What you will do - The entries that follow contain images, which should be left out; output everything else exactly.

---*---

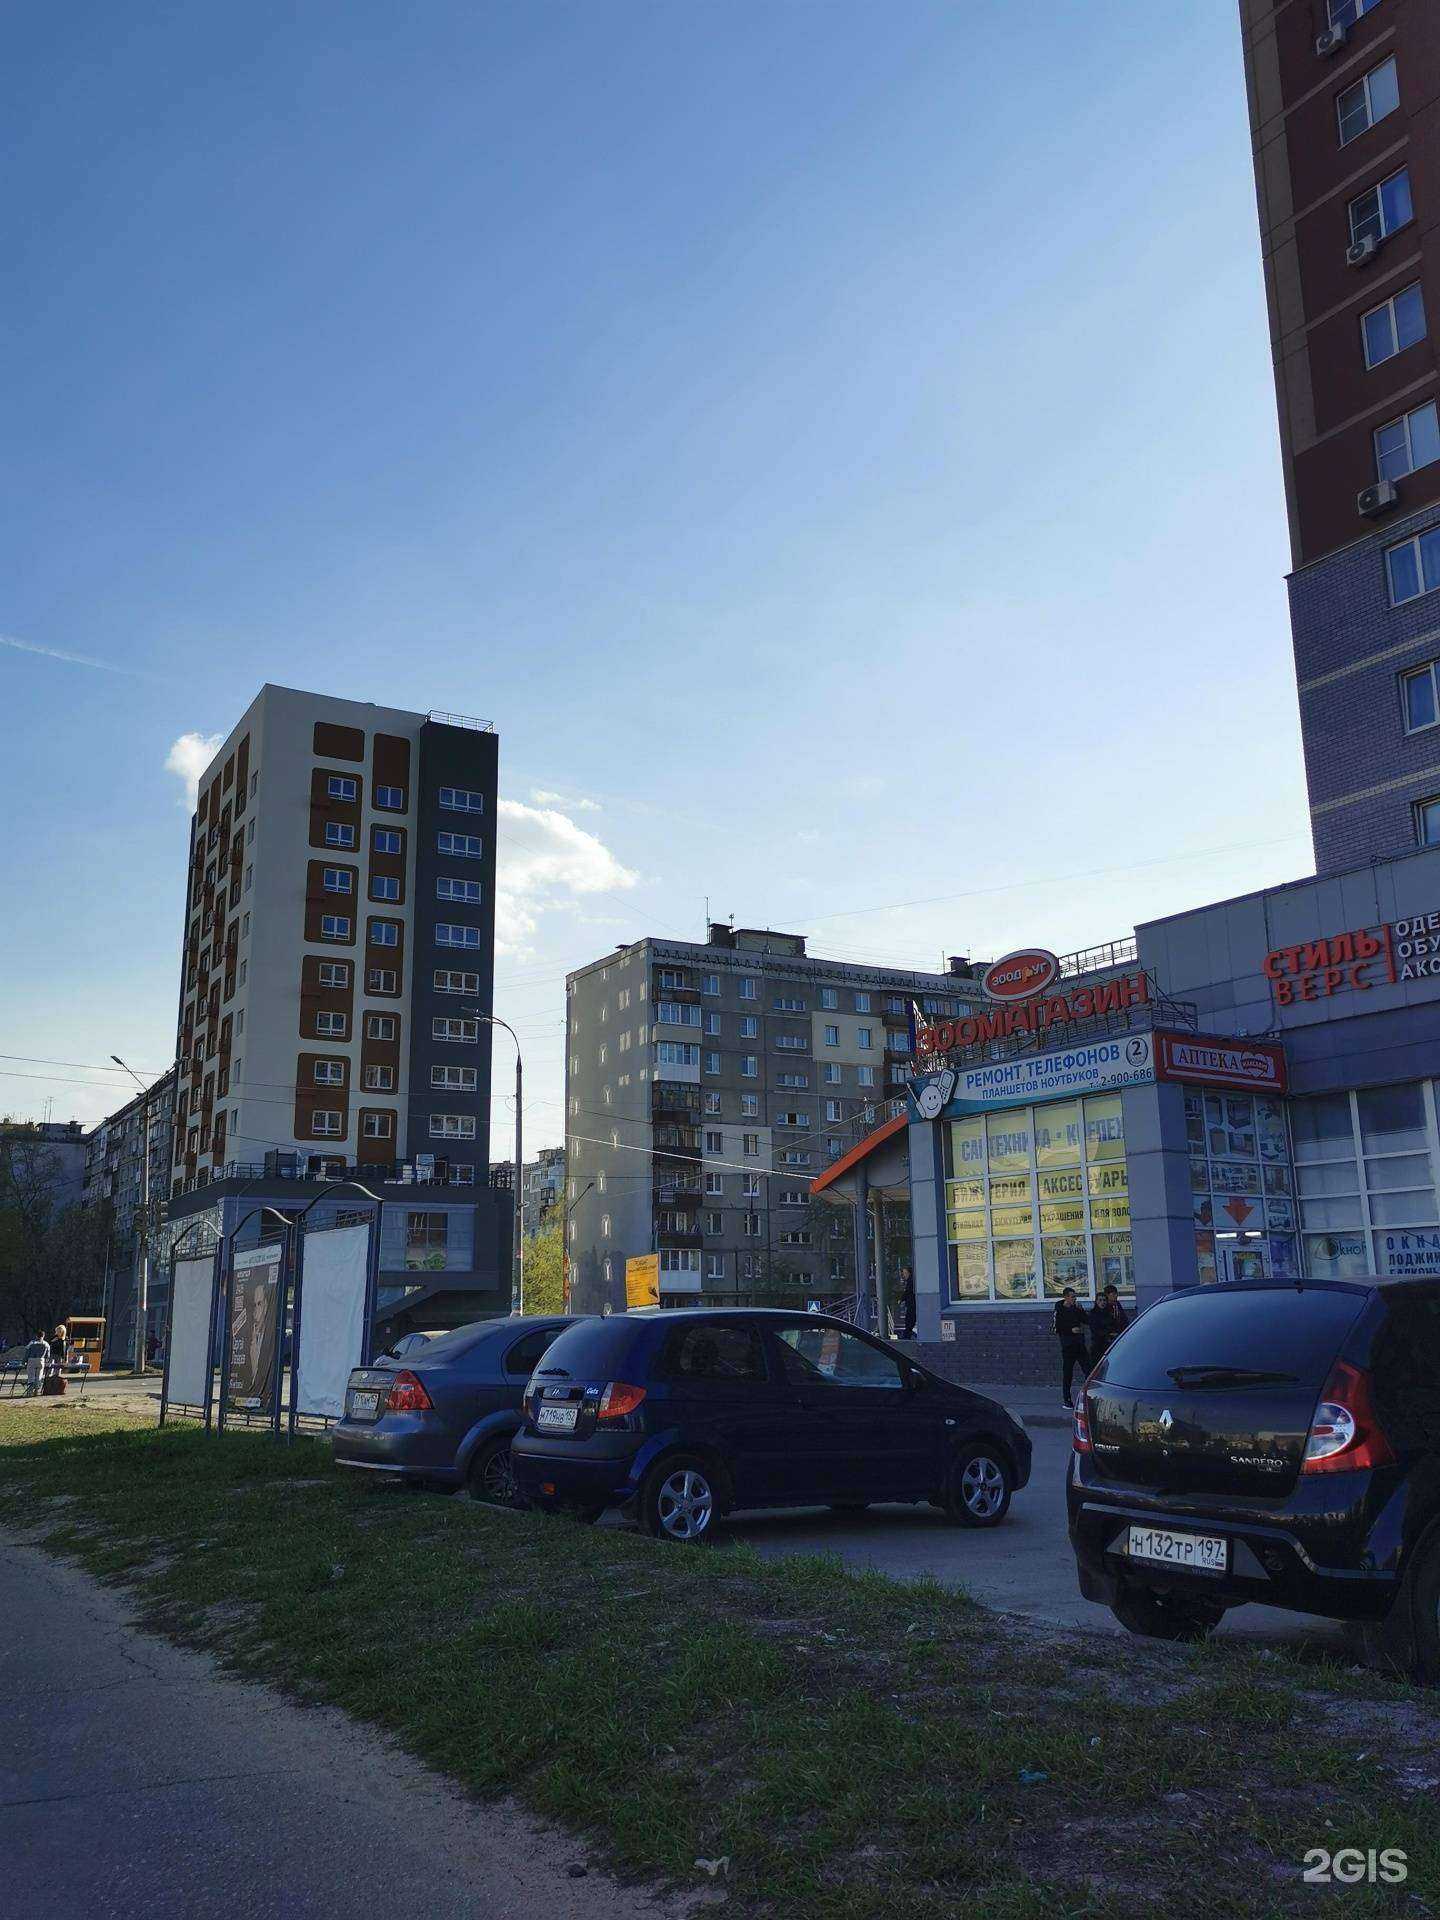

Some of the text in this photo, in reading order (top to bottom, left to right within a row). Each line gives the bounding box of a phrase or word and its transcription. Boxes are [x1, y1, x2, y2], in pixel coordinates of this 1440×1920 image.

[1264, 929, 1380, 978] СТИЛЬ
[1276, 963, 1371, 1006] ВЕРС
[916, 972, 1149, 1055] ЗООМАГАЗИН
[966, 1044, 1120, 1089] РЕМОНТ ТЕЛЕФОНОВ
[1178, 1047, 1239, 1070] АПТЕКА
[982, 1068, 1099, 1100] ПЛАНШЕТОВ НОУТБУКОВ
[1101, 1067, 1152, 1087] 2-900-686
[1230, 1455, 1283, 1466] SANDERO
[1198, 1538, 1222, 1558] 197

---*---

Answer box -
Some of the text in this photo, in reading order (top to bottom, left to right within a row). Each line gives the bounding box of a phrase or word and its transcription. Boxes are [x1, y1, x2, y2], in pixel coordinates of this 1440×1920 image.

[1264, 929, 1380, 978] СТИЛЬ
[1276, 963, 1371, 1006] ВЕРС
[916, 972, 1149, 1055] ЗООМАГАЗИН
[966, 1044, 1120, 1089] РЕМОНТ ТЕЛЕФОНОВ
[1178, 1047, 1239, 1070] АПТЕКА
[982, 1068, 1099, 1100] ПЛАНШЕТОВ НОУТБУКОВ
[1101, 1067, 1152, 1087] 2-900-686
[1230, 1455, 1283, 1466] SANDERO
[1198, 1538, 1222, 1558] 197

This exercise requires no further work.